--- START ---

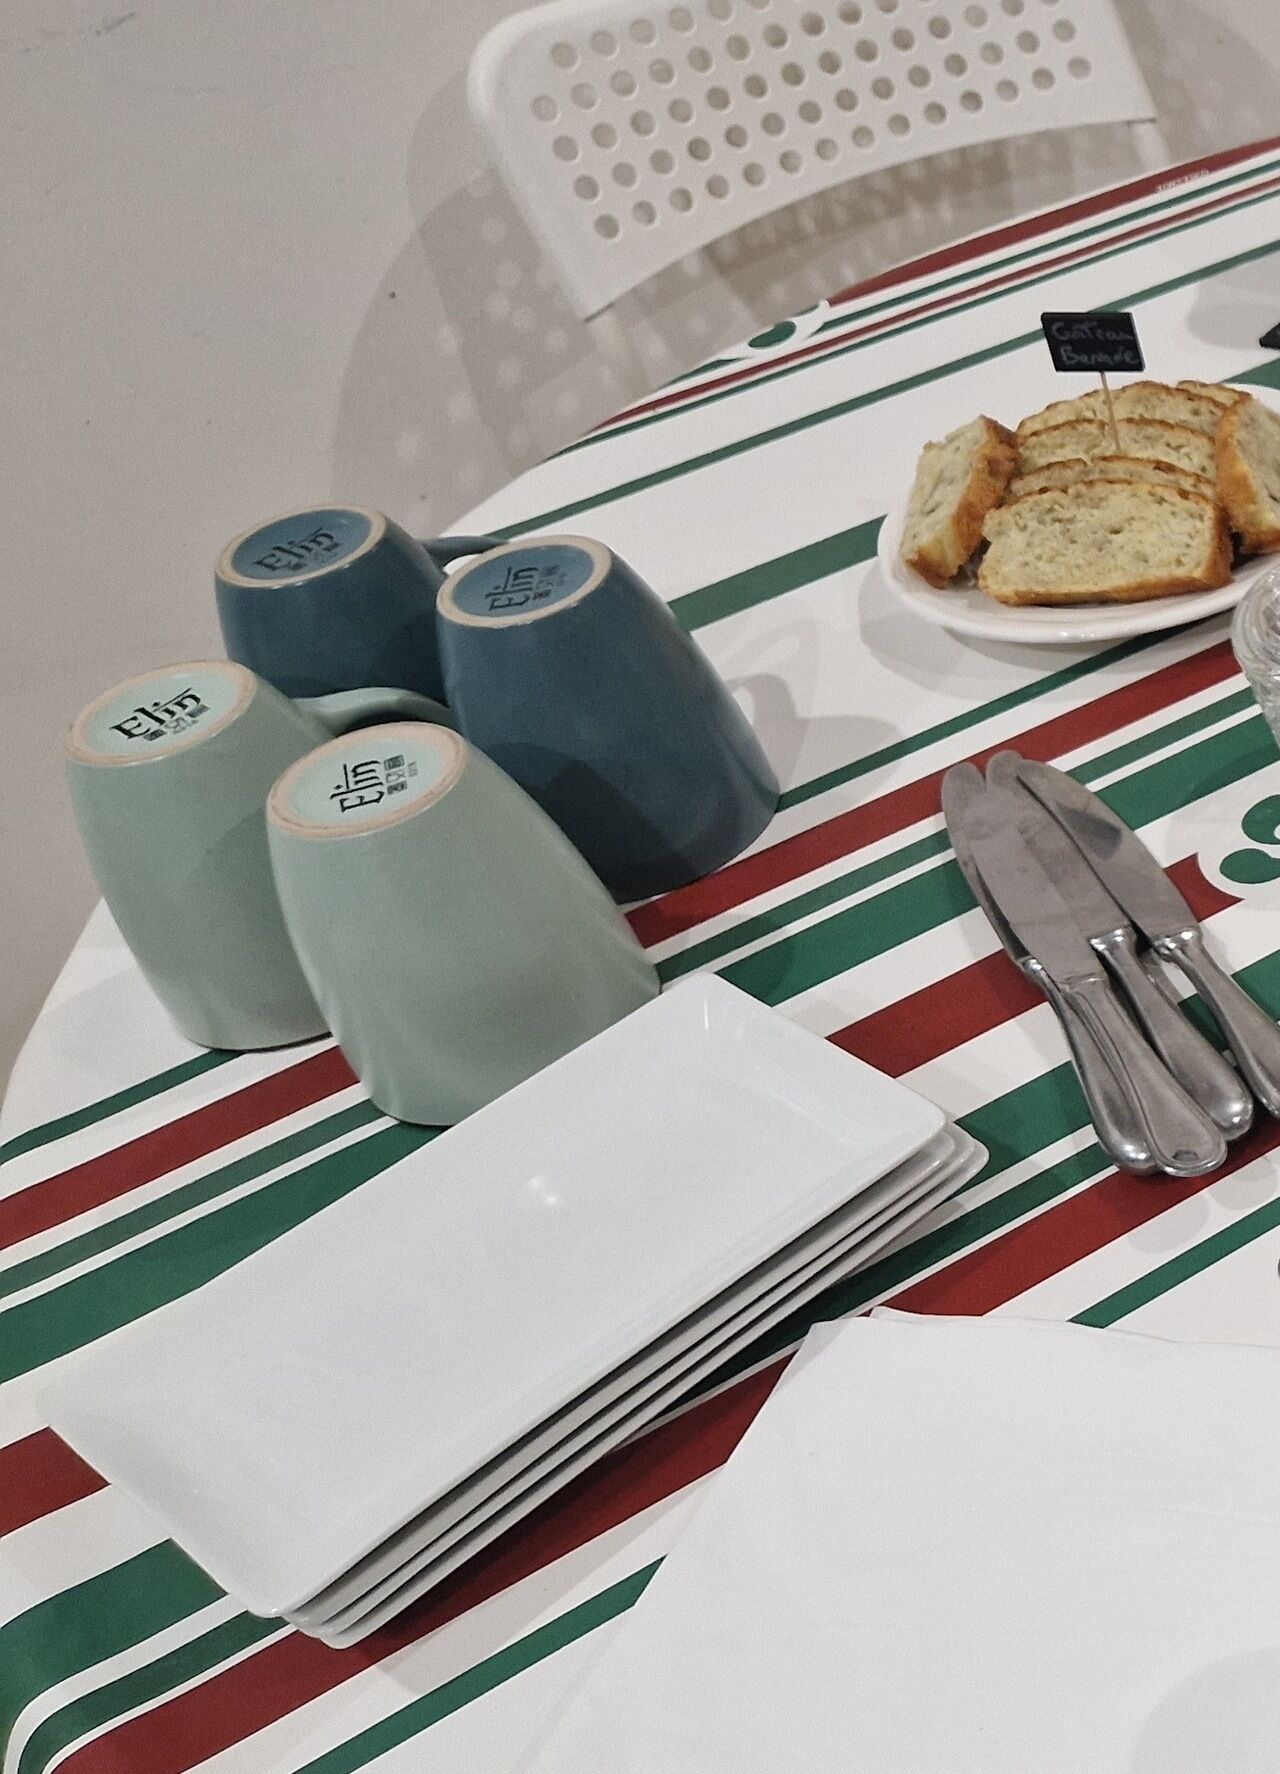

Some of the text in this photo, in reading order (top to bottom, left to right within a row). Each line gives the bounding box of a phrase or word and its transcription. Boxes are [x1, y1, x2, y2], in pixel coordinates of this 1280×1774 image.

[253, 527, 337, 571] Elin
[485, 566, 540, 612] Elin
[107, 686, 201, 740] Elin
[329, 758, 385, 813] Elin

--- END ---

* [Task prompt] Could the entries above be written out word for word, pictures excluded?

* [Expected output]
Some of the text in this photo, in reading order (top to bottom, left to right within a row). Each line gives the bounding box of a phrase or word and its transcription. Boxes are [x1, y1, x2, y2], in pixel coordinates of this 1280×1774 image.

[253, 527, 337, 571] Elin
[485, 566, 540, 612] Elin
[107, 686, 201, 740] Elin
[329, 758, 385, 813] Elin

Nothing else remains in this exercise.